(Text-to-region grounding data)
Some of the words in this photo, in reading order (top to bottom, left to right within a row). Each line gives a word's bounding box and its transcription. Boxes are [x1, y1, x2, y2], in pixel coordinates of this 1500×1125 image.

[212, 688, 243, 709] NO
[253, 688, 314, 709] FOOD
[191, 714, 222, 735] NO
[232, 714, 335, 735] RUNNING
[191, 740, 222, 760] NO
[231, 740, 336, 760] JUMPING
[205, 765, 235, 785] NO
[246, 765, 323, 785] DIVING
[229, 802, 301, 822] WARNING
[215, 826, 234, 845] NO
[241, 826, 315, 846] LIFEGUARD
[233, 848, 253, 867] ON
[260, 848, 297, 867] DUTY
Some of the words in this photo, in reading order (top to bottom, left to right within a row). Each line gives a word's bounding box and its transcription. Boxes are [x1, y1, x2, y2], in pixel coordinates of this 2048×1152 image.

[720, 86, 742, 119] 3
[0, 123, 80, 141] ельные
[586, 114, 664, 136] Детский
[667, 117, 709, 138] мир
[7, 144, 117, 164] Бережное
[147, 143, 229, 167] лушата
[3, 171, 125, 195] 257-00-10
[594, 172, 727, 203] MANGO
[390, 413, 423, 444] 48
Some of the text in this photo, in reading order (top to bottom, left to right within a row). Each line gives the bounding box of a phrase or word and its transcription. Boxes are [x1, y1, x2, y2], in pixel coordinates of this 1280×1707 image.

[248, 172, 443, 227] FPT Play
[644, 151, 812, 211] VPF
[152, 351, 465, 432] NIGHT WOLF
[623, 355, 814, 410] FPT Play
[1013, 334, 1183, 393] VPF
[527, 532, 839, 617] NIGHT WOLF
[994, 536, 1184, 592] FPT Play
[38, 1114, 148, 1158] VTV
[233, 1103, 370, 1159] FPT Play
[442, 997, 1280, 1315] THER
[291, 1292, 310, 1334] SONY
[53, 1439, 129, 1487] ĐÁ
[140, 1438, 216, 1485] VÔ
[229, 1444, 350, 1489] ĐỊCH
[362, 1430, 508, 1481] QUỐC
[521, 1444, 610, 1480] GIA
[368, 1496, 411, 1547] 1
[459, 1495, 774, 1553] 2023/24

→ **Work order**: None of the records may be skipped; each is to be repeated exactly.

→ **Solution below**:
Some of the words in this photo, in reading order (top to bottom, left to right within a row). Each line gives a word's bounding box and its transcription. Boxes are [x1, y1, x2, y2], in pixel coordinates of this 1500×1125 image.

[212, 688, 243, 709] NO
[253, 688, 314, 709] FOOD
[191, 714, 222, 735] NO
[232, 714, 335, 735] RUNNING
[191, 740, 222, 760] NO
[231, 740, 336, 760] JUMPING
[205, 765, 235, 785] NO
[246, 765, 323, 785] DIVING
[229, 802, 301, 822] WARNING
[215, 826, 234, 845] NO
[241, 826, 315, 846] LIFEGUARD
[233, 848, 253, 867] ON
[260, 848, 297, 867] DUTY
Some of the words in this photo, in reading order (top to bottom, left to right within a row). Each line gives a word's bounding box and its transcription. Boxes are [x1, y1, x2, y2], in pixel coordinates of this 2048×1152 image.

[720, 86, 742, 119] 3
[0, 123, 80, 141] ельные
[586, 114, 664, 136] Детский
[667, 117, 709, 138] мир
[7, 144, 117, 164] Бережное
[147, 143, 229, 167] лушата
[3, 171, 125, 195] 257-00-10
[594, 172, 727, 203] MANGO
[390, 413, 423, 444] 48
Some of the text in this photo, in reading order (top to bottom, left to right within a row). Each line gives the bounding box of a phrase or word and its transcription. Boxes are [x1, y1, x2, y2], in pixel coordinates of this 1280×1707 image.

[248, 172, 443, 227] FPT Play
[644, 151, 812, 211] VPF
[152, 351, 465, 432] NIGHT WOLF
[623, 355, 814, 410] FPT Play
[1013, 334, 1183, 393] VPF
[527, 532, 839, 617] NIGHT WOLF
[994, 536, 1184, 592] FPT Play
[38, 1114, 148, 1158] VTV
[233, 1103, 370, 1159] FPT Play
[442, 997, 1280, 1315] THER
[291, 1292, 310, 1334] SONY
[53, 1439, 129, 1487] ĐÁ
[140, 1438, 216, 1485] VÔ
[229, 1444, 350, 1489] ĐỊCH
[362, 1430, 508, 1481] QUỐC
[521, 1444, 610, 1480] GIA
[368, 1496, 411, 1547] 1
[459, 1495, 774, 1553] 2023/24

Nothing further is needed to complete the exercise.